Non crediamo sia giusto chiedere eccessivi sacrifici a persone che a questa professione hanno dato tanto, che sono state cuore e motore all’interno degli studi odontoiatrici e che dopo anni di lavoro si trovano ancora a dover dimostrare la loro professionalità.
Per questo auspichiamo che gli organi competenti siano sensibili a queste problematiche.

Fulvia Masenga
Presidente Sindacato italiano assistenti studio odontoiatrico
(Siaso)
I problemi
L’assistente di studio odontoiatrico ricopre molteplici mansioni all’interno dello studio, anche molto delicate, ma ciò nonostante le sue competenze non sono riconosciute in una figura professionale. Intanto va detto che non si parla semplicemente di assistente alla poltrona: già la definizione racchiude e richiede conoscenze più ampie, che vanno dai principi di chimica e microbiologia, utili per occuparsi con miglior competenza della decontaminazione e della gestione della linea di sterilizzazione, ai principi amministrativi e gestionali.
A ciò si aggiunga la conoscenza delle leggi sulla privacy e sui dispositivi medici. Per non parlare degli aspetti legati alla comunicazione con il paziente.
La mancanza di un profilo specifico rischia di far svolgere all’Aso - per fortuna non spesso - lavori che non le competono, come le pulizie routinarie dello studio e dei bagni.

Quale formazione
Chiediamo un ciclo di studi che porti a conseguire un diploma professionalizzante in grado di certificare le competenze acquisite: 1000 ore di formazione, tra teoria e pratica, potrebbero essere adeguate. Ciò che importa è che il corso preveda un esame finale, orale e scritto o pratico, svolto alla presenza di una commissione esterna.

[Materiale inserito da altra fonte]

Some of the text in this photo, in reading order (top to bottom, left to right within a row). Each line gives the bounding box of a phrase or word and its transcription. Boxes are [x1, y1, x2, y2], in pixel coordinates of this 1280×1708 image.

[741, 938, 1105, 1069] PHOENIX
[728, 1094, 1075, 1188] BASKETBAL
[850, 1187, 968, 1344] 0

Un titolo di studio che deve essere reso obbligatorio per l’esercizio della professione?
Come già avviene in altri Paesi europei, il titolo deve essere abilitante per l’esercizio della professione.

E per le Aso che già operano?
Per chi già lavora chiediamo l’introduzione della certificazione delle competenze acquisite, affidata ai soggetti che saranno abilitati alla formazione e a organismi paritetici. In questo modo, un candidato potrebbe partecipare a un’attività di formazione in forma ridotta e sostenere comunque l’esame abilitante. Questa formazione “ridotta” deve potersi erogare anche con modalità Fad per andare incontro alle esigenze di chi sta lavorando.